Die EU-Parlamentarier orientieren sich mit ihrem Vorstoß am Uyghur Forced Labor Prevention Act in den Vereinigten Staaten. Dort müssen Importeure von Produkten aus Xinjiang proaktiv nachweisen, dass ihre Lieferkette sauber ist. In Europa sind es noch die Behörden, auf denen die Beweislast liegt. Die Parlamentarier wollen möglichen Kritikern aus der Wirtschaft die Vorteile für ein konsequentes Verbot von Waren in der EU aufzeigen, deren saubere Wertschöpfung nicht zu 100 Prozent nachgewiesen werden kann. Das Verbot von Zwangsarbeit schütze auch Unternehmen, die sich an die Regeln halten, vor unlauterem Wettbewerb, heißt es.

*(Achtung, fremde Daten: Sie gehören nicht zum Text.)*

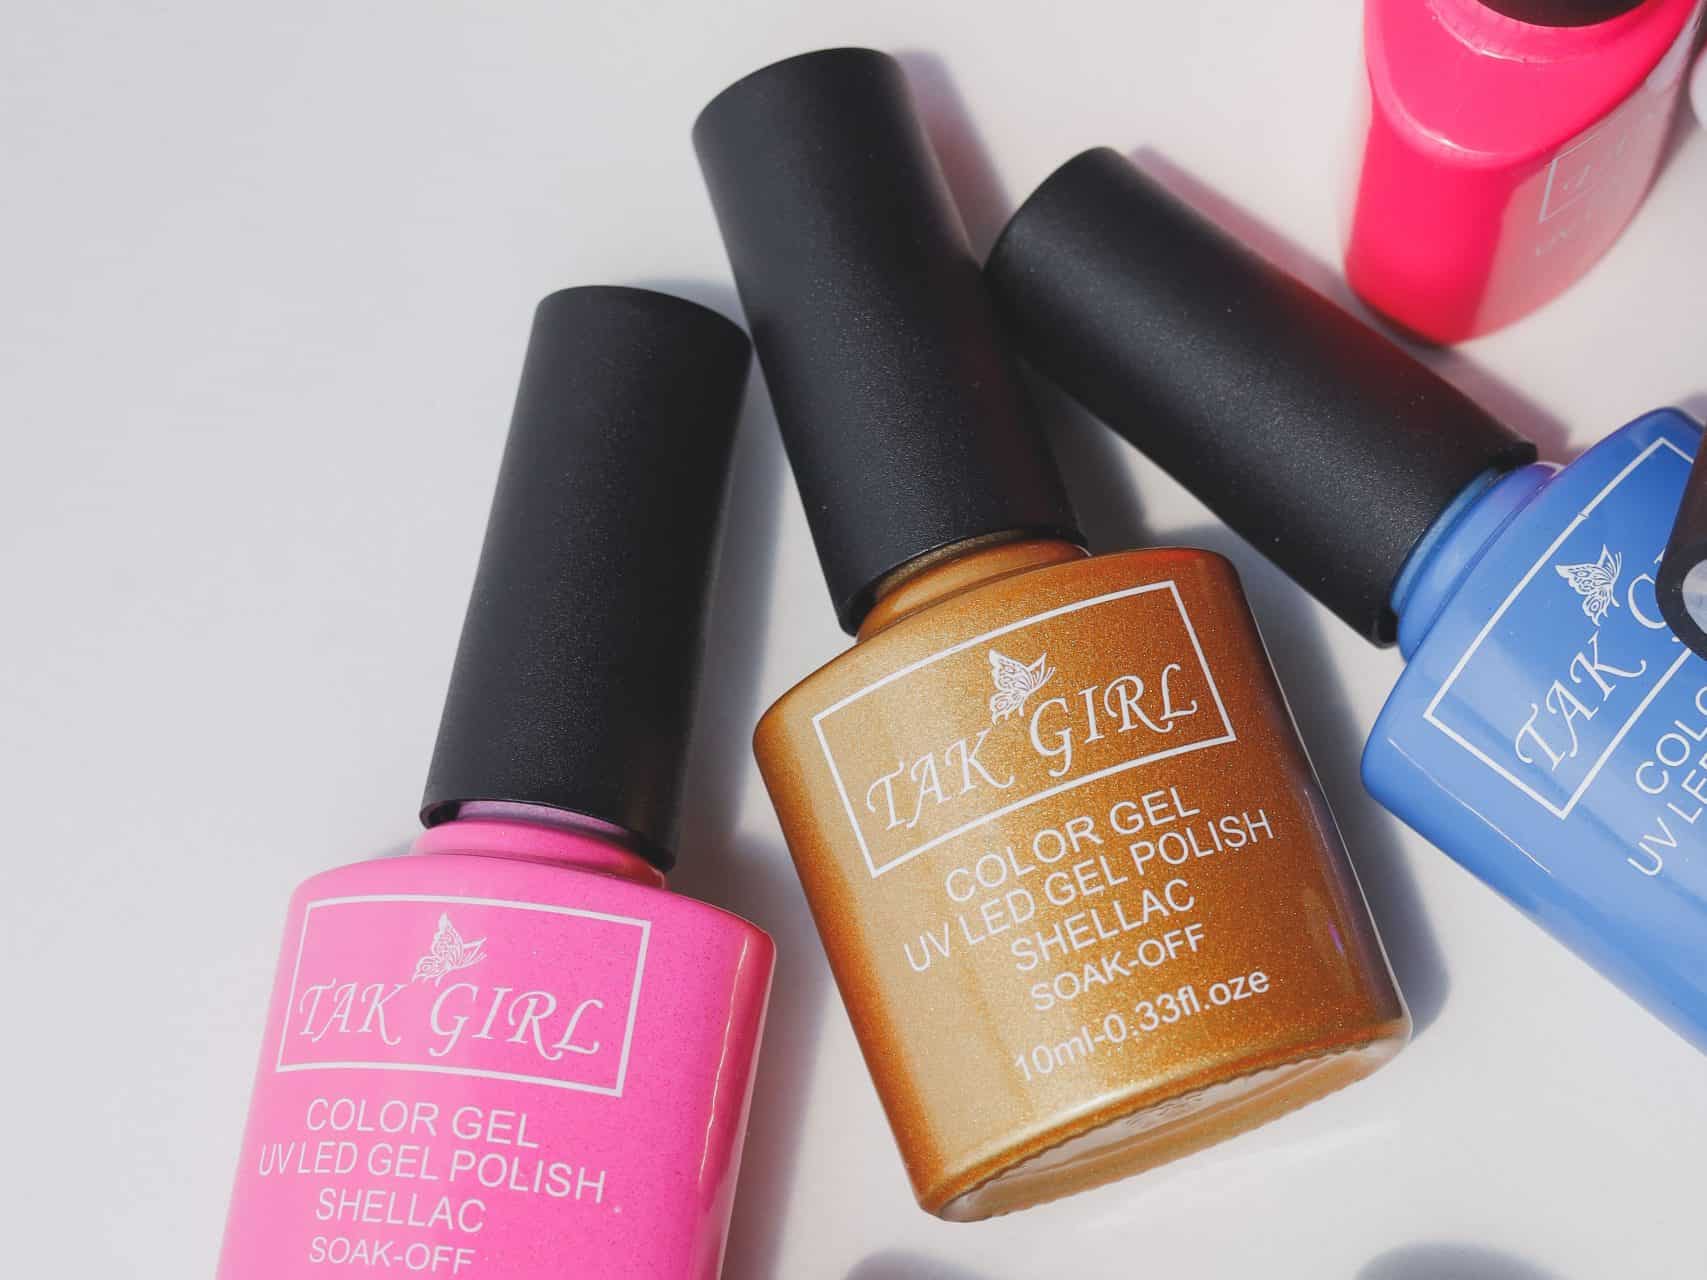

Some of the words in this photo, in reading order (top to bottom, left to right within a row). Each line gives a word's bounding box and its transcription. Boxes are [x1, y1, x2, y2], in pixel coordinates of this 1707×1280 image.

[867, 729, 1014, 830] TAK
[1030, 663, 1197, 777] GIRL
[1515, 634, 1646, 770] TAK
[945, 815, 1104, 901] COLOR
[1110, 787, 1200, 836] GEL
[1627, 816, 1677, 876] UV
[1667, 753, 1707, 824] LE
[904, 922, 952, 972] UV
[961, 889, 1035, 947] LED
[1043, 855, 1128, 908] GEL
[1132, 809, 1274, 873] POLISH
[1012, 878, 1195, 970] SHELLAC
[1031, 923, 1205, 1011] SOAK-OFF
[299, 979, 408, 1046] TAK
[428, 981, 603, 1060] GIRL
[1015, 970, 1270, 1082] 10ml-0.33fl.oze
[306, 1098, 439, 1136] COLOR
[452, 1106, 539, 1148] GEL
[259, 1142, 296, 1175] UV
[297, 1142, 357, 1175] LED
[368, 1144, 438, 1180] GEL
[450, 1150, 605, 1204] POLISH
[315, 1188, 486, 1233] SHELLAC
[309, 1236, 474, 1275] SOAK-OFF

Das Europaparlament forderte außerdem mehr Transparenz über die chinesische Hochseefischerei. Die chinesischen Behörden seien nicht offen in Bezug auf die Hochseefischerei-Flotte der Volksrepublik, kritisierten die EU-Abgeordneten am Dienstag in einer Resolution.
Vermittlung erschwert Identifikation
In den USA bringt der Bericht von The Outlaw Ocean Project über Zwangsarbeit in der Wertschöpfung von Fisch und Meeresfrüchten die Diskussion wieder in Fahrt. Die US-Behörde Congressional Executive Commission on China wird sich in der kommenden Woche mit dem Thema beschäftigen. Die Einfuhren der Produkte würden unter den gegebenen Umständen verboten sein. „Dennoch kaufen die US-Regierung, große Lebensmittelketten und Restaurants weiterhin Meeresfrüchte, die unter Einsatz von Zwangsarbeit in China gefangen und verarbeitet wurden“, heißt es in der Ankündigung der Anhörung.
Die Vermittlung von uigurischen Arbeitskräften in andere Teile Chinas erschwert die Identifikation von Zwangsarbeit erheblich. Der unfreiwillige Transfer ist Teil eines Programms, das der Xinjiang-Forscher Adrian Zenz „Camp-to-labor pipeline-system“ nennt. In seiner jüngsten Studie „Innovating Panel Labor“, die Anfang Oktober in der Wissenschaftszeitung The China Journal veröffentlicht wurde, hat Zenz staatliche Dokumente, Augenzeugenberichte, Satelliten-Bilder und öffentliche Datensätze ins Verhältnis miteinander gesetzt.
Ständige Beobachtung in den Fabriken
Er analysiert die Verknüpfung der Inhaftierung von Uiguren in den Umerziehungslagern in Xinjiang mit der erzwungenen Eingliederung in den Arbeitsmarkt. „Die Gefangenen durchlaufen einen schrittweisen Prozess der Ausbildung, der teilweisen Entlassung und schließlich der vollständigen Entlassung in einen Zwangsarbeitseinsatz“, so Zenz.
Die Überführung in die Industrie gilt unter Xinjiang-Forschern als Mittel zur Fortsetzung einer engmaschigen Überwachung der Uiguren, nachdem sich die Zahl der Lagerinsassen in den vergangenen Jahre drastisch verringert hat. In den Fabriken stehen die Arbeitskräfte unter ständiger Beobachtung, was eine Inhaftierung in den Lagern nicht mehr nötig macht.